SVT in WPW syndrome can be orthodromic or antidromic. Orthodromic tachycardia has a narrow QRS complex and is the commonest variety accounting for 90%. The remaining 10% is antidromic and has a wide QRS. In orthodromic tachycardia the impulse travels down the normal AV pathway into the ventricle and back into the atrium through the accessory pathway. Vice versa occurs in antidromic tachycardia. Antidromic tachycardia is often mistaken for ventricular tachycardia due to the wide QRS. It may be noted that preexcitation (delta wave) does not manifest during orthodromic tachycardia. Hence a diagnosis of WPW syndrome cannot be made during the tachycardia. An ECG taken after termination of the tachycardia will show the delta wave so that it is mandatory to take an ECG after termination of SVT. SVT in WPW syndrome can be terminated by carotid sinus massage, intravenous adenosine or by intravenous verapamil.

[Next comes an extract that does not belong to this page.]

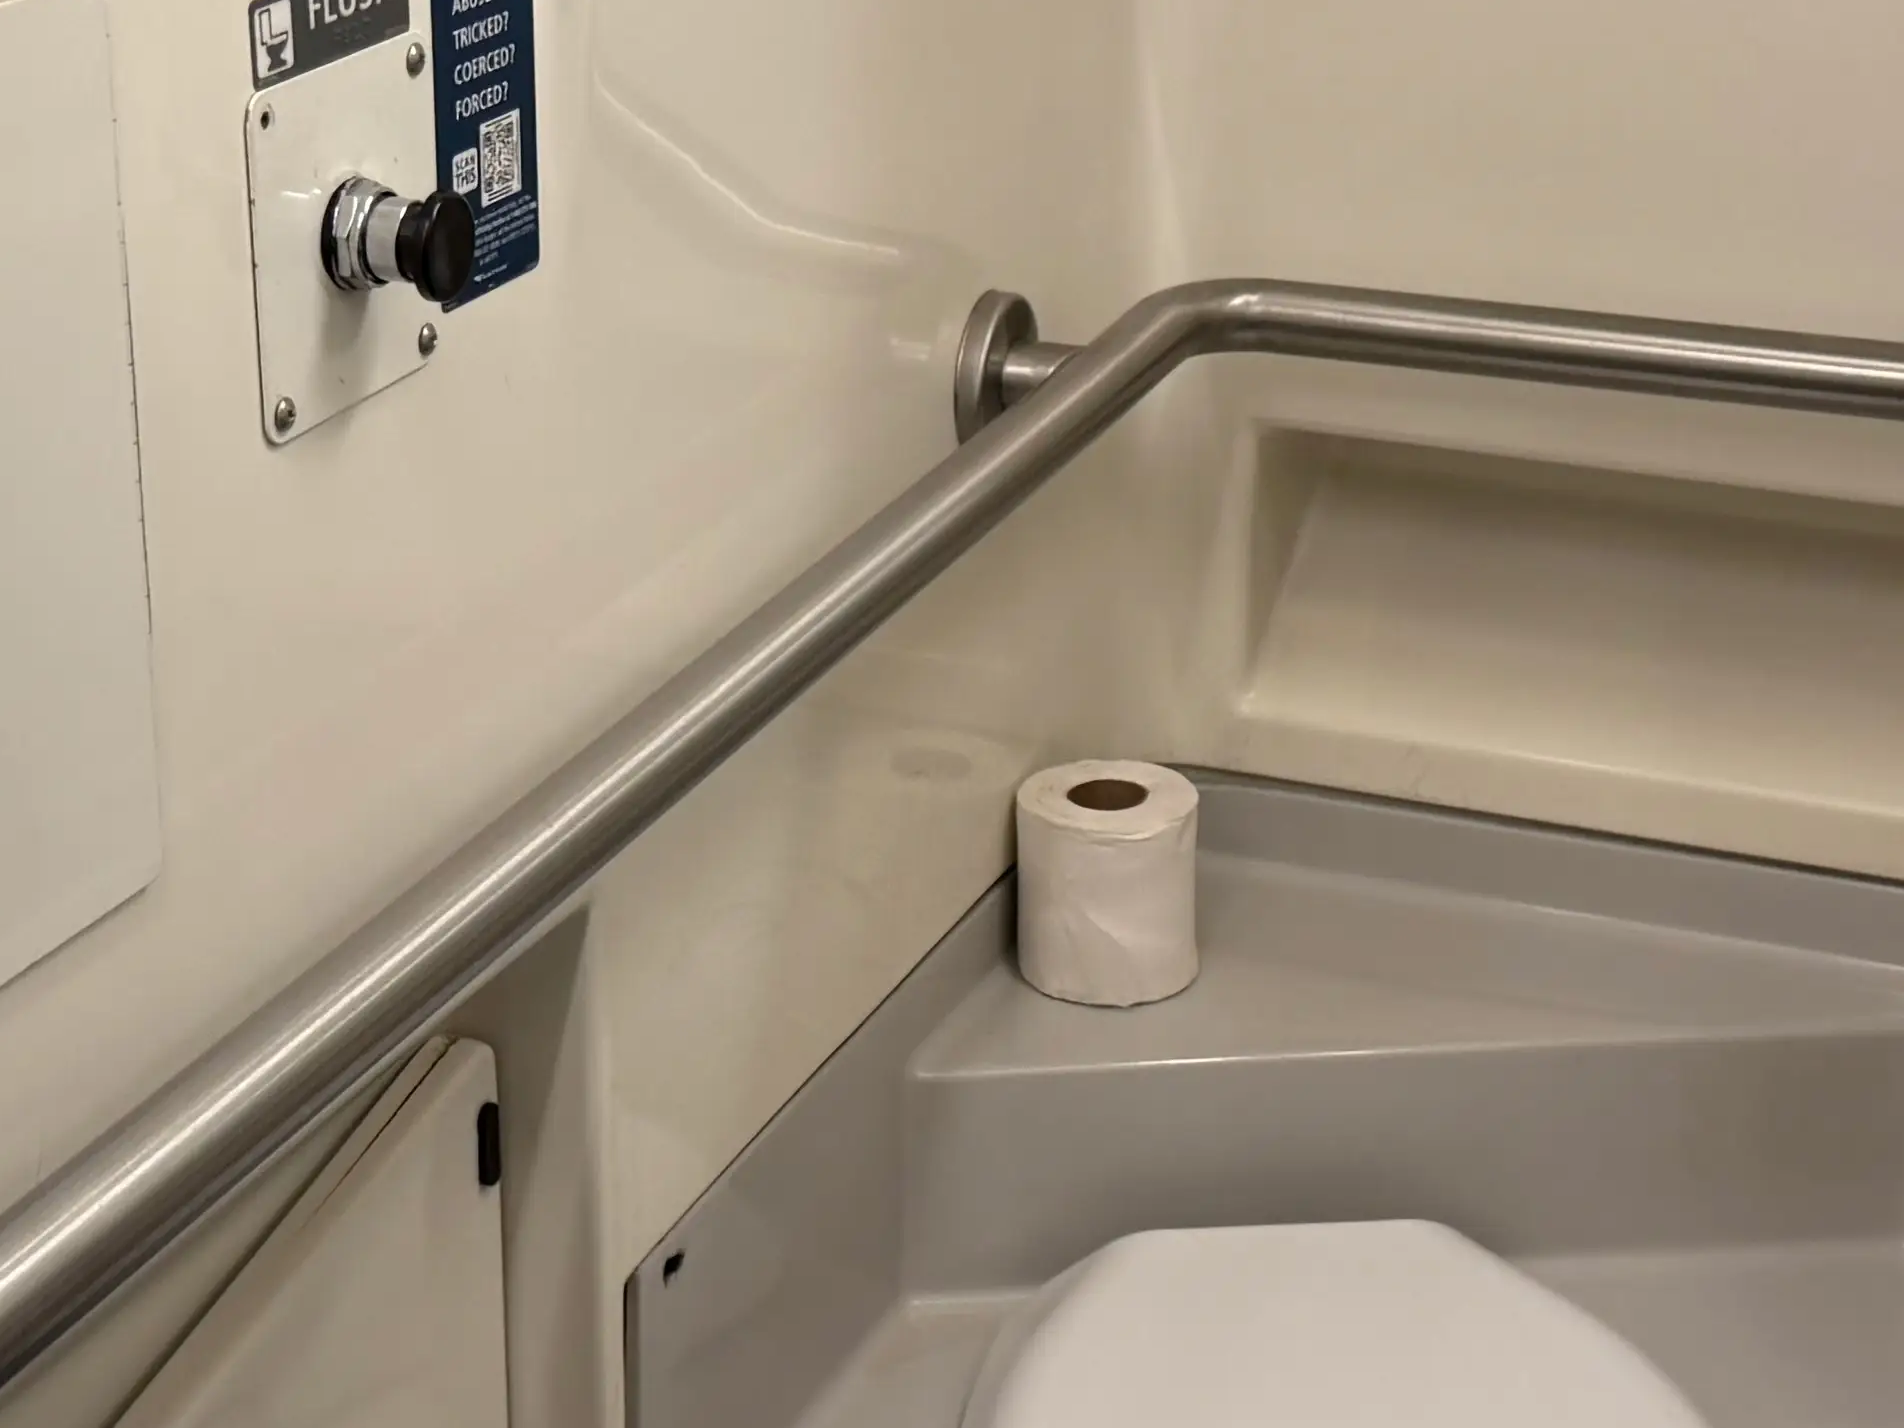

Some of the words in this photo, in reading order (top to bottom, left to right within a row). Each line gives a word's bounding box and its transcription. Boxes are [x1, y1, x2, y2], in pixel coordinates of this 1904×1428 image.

[452, 10, 509, 50] TRICKED?
[454, 43, 515, 85] COERCED?
[455, 80, 508, 121] FORCED?
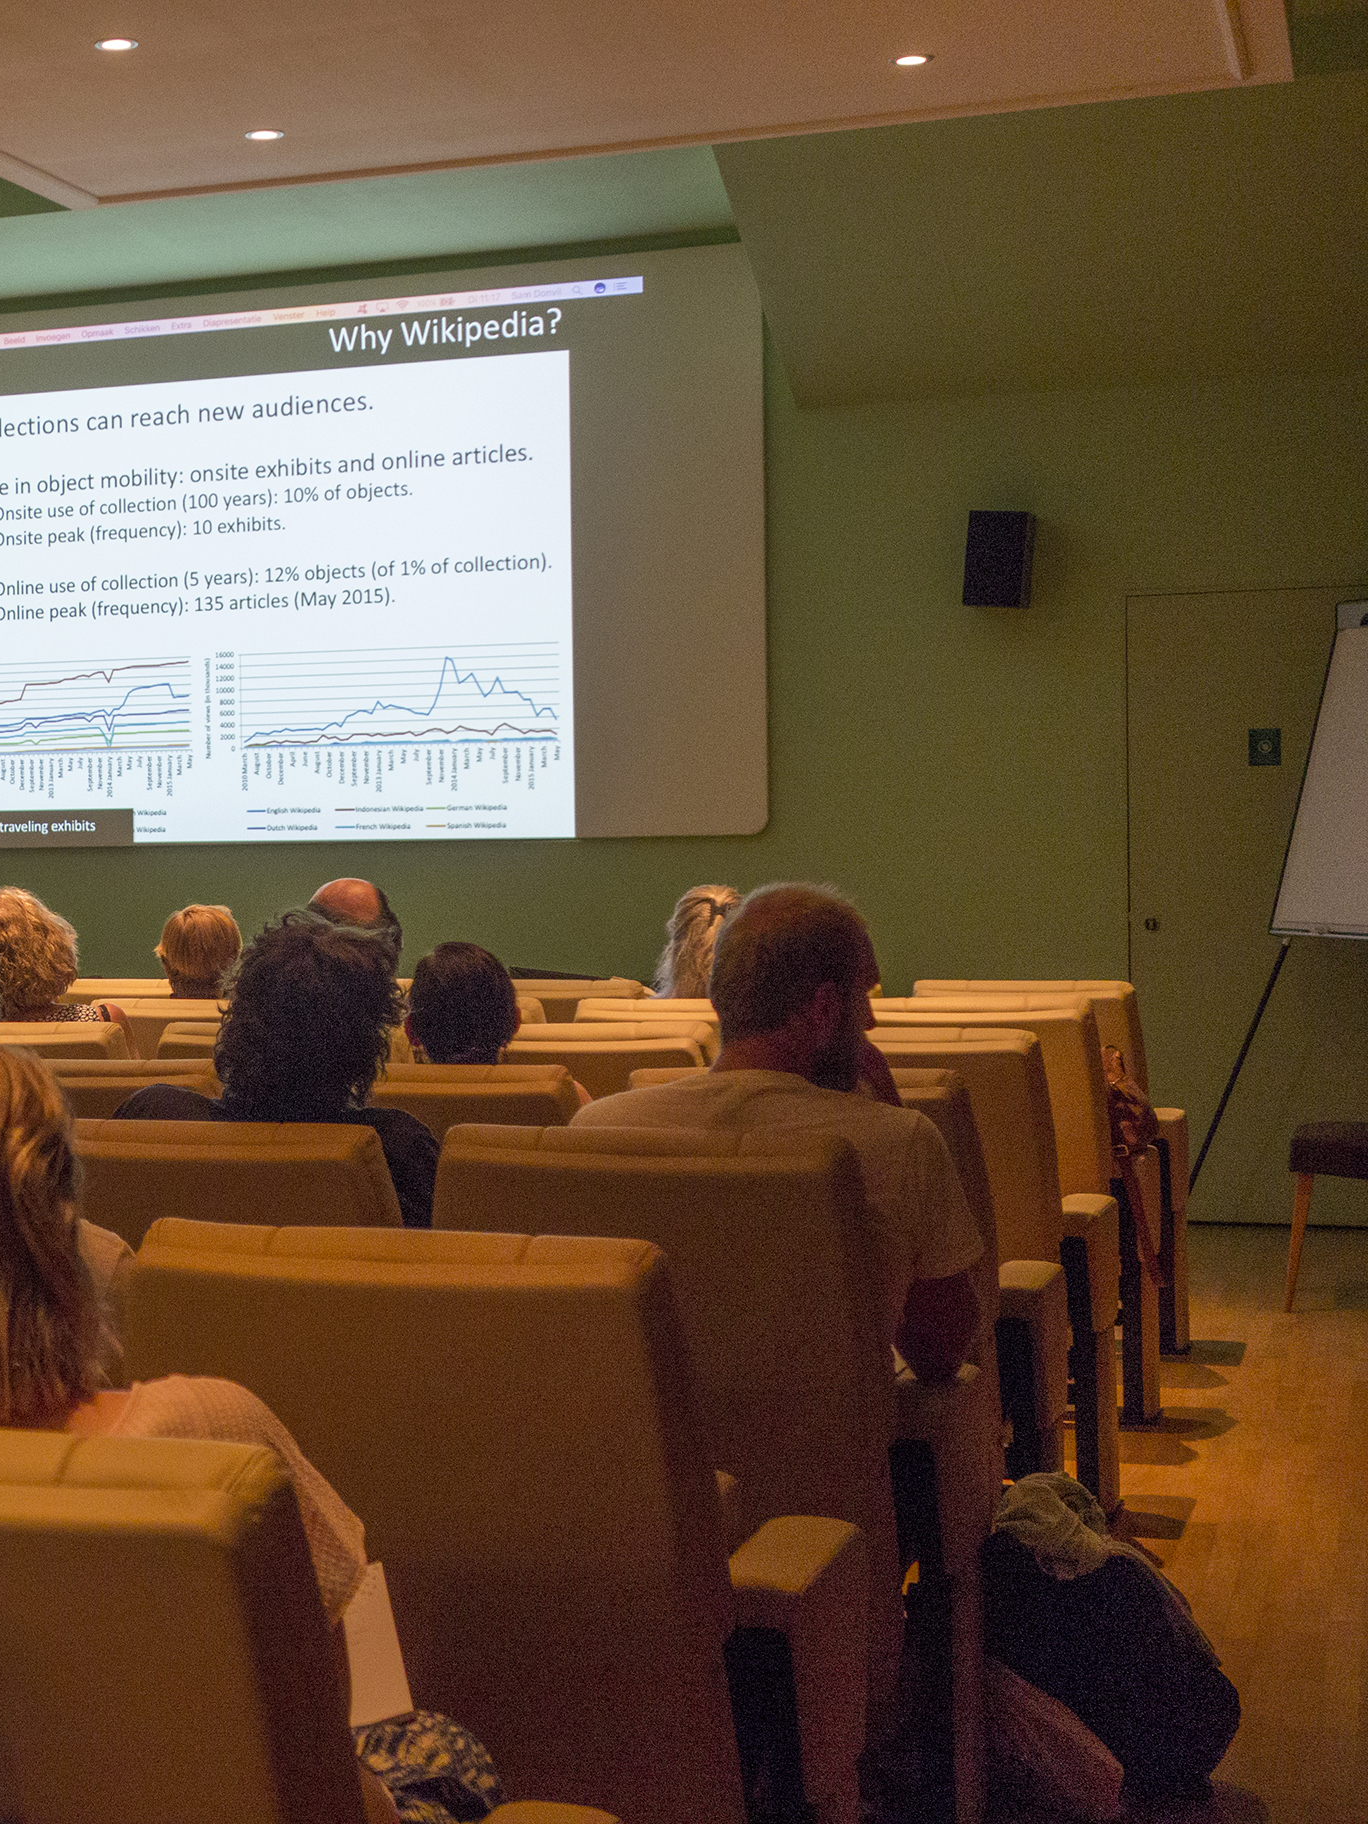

Atrial fibrillation can rarely occur in WPW syndrome and can be life threatening due to the high ventricular rates. Ventricular rate is very high because the impulses are transmitted down both normal AV pathway and the accessory pathway. Moreover, the refractory period of accessory pathway decreases with increasing rates, permitting rapid conduction. The ventricle may not be able to track the fast rate and go into ventricular fibrillation. Hence atrial fibrillation in WPW syndrome requires immediate termination by electrical cardioversion.
WPW syndrome can be treated medically with anti-arrhythmic drugs like amiodarone. But the current day treatment of choice in symptomatic persons is radiofrequency catheter ablation of the accessory pathway. This is more important for pathways with lower refractory period as they have a tendency to conduct atrial fibrillation at very fast rates.